RECORDS SUPPLIED:

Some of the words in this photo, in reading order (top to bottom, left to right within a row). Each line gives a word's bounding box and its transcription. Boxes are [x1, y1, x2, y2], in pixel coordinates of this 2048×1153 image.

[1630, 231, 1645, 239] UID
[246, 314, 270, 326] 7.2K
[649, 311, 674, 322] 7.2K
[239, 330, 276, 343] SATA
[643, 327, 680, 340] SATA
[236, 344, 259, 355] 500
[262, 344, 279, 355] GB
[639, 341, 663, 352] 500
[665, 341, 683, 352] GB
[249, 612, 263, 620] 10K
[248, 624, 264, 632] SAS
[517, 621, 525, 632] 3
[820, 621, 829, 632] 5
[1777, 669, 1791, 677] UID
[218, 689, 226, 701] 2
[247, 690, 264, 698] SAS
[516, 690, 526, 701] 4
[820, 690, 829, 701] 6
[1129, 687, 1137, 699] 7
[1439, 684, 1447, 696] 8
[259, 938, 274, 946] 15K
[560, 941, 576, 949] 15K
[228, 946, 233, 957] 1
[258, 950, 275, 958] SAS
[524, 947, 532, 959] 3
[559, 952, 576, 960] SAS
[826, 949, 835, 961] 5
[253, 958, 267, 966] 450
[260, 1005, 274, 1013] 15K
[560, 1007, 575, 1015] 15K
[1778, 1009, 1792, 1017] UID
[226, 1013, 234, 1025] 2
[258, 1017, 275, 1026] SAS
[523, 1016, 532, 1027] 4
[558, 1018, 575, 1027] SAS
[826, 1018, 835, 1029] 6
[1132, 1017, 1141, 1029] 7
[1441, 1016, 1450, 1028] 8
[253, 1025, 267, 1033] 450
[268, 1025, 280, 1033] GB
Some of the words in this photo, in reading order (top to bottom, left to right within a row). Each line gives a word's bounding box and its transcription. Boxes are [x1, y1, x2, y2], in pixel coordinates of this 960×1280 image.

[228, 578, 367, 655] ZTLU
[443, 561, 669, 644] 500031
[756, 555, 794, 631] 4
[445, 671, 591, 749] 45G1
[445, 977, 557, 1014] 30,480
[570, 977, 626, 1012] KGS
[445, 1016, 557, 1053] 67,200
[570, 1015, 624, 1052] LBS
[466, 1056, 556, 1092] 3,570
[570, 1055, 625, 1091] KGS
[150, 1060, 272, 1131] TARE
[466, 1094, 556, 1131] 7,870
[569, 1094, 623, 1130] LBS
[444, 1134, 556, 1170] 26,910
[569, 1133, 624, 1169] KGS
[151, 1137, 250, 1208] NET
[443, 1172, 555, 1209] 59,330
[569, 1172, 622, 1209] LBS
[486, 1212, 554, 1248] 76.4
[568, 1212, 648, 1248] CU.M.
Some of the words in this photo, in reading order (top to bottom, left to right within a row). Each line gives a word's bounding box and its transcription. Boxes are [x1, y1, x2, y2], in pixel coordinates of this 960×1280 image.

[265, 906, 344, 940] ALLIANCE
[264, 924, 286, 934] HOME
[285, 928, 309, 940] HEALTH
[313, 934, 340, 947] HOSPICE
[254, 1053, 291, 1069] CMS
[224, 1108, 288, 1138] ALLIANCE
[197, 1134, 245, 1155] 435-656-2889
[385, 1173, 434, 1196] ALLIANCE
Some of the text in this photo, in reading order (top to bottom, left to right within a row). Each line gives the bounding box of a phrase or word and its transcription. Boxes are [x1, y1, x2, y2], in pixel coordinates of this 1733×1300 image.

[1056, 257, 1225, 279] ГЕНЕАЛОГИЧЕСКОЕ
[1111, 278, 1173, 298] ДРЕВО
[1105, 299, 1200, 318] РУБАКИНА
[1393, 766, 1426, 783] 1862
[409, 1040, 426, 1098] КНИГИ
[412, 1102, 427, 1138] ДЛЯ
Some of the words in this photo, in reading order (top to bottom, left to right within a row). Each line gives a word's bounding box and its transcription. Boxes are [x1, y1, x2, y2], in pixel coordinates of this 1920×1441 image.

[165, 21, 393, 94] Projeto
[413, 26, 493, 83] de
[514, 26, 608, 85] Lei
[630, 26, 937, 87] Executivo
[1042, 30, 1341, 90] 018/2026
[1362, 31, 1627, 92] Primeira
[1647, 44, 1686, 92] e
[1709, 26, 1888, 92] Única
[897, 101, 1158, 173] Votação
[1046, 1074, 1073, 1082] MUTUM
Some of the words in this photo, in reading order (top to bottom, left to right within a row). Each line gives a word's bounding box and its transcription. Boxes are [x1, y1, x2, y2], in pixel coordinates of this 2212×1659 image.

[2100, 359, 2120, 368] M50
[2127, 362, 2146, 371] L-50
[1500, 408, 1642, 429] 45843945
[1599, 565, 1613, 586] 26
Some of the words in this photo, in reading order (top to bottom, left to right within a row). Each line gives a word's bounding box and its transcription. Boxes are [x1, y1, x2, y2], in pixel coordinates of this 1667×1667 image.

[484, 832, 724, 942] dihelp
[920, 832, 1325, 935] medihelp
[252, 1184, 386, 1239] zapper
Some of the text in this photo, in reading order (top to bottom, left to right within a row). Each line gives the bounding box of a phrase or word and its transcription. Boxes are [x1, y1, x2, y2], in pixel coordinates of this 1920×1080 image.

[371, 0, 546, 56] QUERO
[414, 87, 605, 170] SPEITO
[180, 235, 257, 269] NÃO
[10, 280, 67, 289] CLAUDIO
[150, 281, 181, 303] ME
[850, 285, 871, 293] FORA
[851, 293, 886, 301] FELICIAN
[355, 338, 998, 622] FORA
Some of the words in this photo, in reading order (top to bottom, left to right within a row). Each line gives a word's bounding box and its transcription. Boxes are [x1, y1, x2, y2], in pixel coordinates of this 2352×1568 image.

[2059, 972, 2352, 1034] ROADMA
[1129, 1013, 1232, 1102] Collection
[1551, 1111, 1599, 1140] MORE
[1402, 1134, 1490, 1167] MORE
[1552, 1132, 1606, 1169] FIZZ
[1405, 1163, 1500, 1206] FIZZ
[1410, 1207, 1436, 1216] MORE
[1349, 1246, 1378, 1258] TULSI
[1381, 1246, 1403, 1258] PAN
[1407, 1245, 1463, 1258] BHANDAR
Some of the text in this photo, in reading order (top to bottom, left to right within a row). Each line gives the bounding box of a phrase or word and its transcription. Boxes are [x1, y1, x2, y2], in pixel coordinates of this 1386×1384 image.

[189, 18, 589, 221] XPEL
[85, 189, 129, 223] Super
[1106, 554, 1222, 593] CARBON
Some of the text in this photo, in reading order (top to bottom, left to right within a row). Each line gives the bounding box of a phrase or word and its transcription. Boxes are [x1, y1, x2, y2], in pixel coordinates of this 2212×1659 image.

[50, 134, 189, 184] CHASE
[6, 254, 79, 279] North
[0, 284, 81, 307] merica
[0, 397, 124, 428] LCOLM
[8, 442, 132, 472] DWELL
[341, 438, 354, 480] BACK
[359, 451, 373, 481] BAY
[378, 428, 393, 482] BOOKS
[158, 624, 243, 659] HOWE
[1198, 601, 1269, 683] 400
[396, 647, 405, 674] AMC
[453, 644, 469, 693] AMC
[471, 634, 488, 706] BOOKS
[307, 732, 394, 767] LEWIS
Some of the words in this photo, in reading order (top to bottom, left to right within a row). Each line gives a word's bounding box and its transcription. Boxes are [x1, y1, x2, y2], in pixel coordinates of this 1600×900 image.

WHAT YOU WILL DO: Find the line with "this 1386×1384 image." in the listing above, then write out that line and each remaining line exactly, with no other text.

RESPONSE TO THIS EXERCISE:
Some of the text in this photo, in reading order (top to bottom, left to right within a row). Each line gives the bounding box of a phrase or word and its transcription. Boxes are [x1, y1, x2, y2], in pixel coordinates of this 1386×1384 image.

[189, 18, 589, 221] XPEL
[85, 189, 129, 223] Super
[1106, 554, 1222, 593] CARBON
Some of the text in this photo, in reading order (top to bottom, left to right within a row). Each line gives the bounding box of a phrase or word and its transcription. Boxes are [x1, y1, x2, y2], in pixel coordinates of this 2212×1659 image.

[50, 134, 189, 184] CHASE
[6, 254, 79, 279] North
[0, 284, 81, 307] merica
[0, 397, 124, 428] LCOLM
[8, 442, 132, 472] DWELL
[341, 438, 354, 480] BACK
[359, 451, 373, 481] BAY
[378, 428, 393, 482] BOOKS
[158, 624, 243, 659] HOWE
[1198, 601, 1269, 683] 400
[396, 647, 405, 674] AMC
[453, 644, 469, 693] AMC
[471, 634, 488, 706] BOOKS
[307, 732, 394, 767] LEWIS
Some of the words in this photo, in reading order (top to bottom, left to right within a row). Each line gives a word's bounding box and its transcription. Boxes are [x1, y1, x2, y2], in pixel coordinates of this 1600×900 image.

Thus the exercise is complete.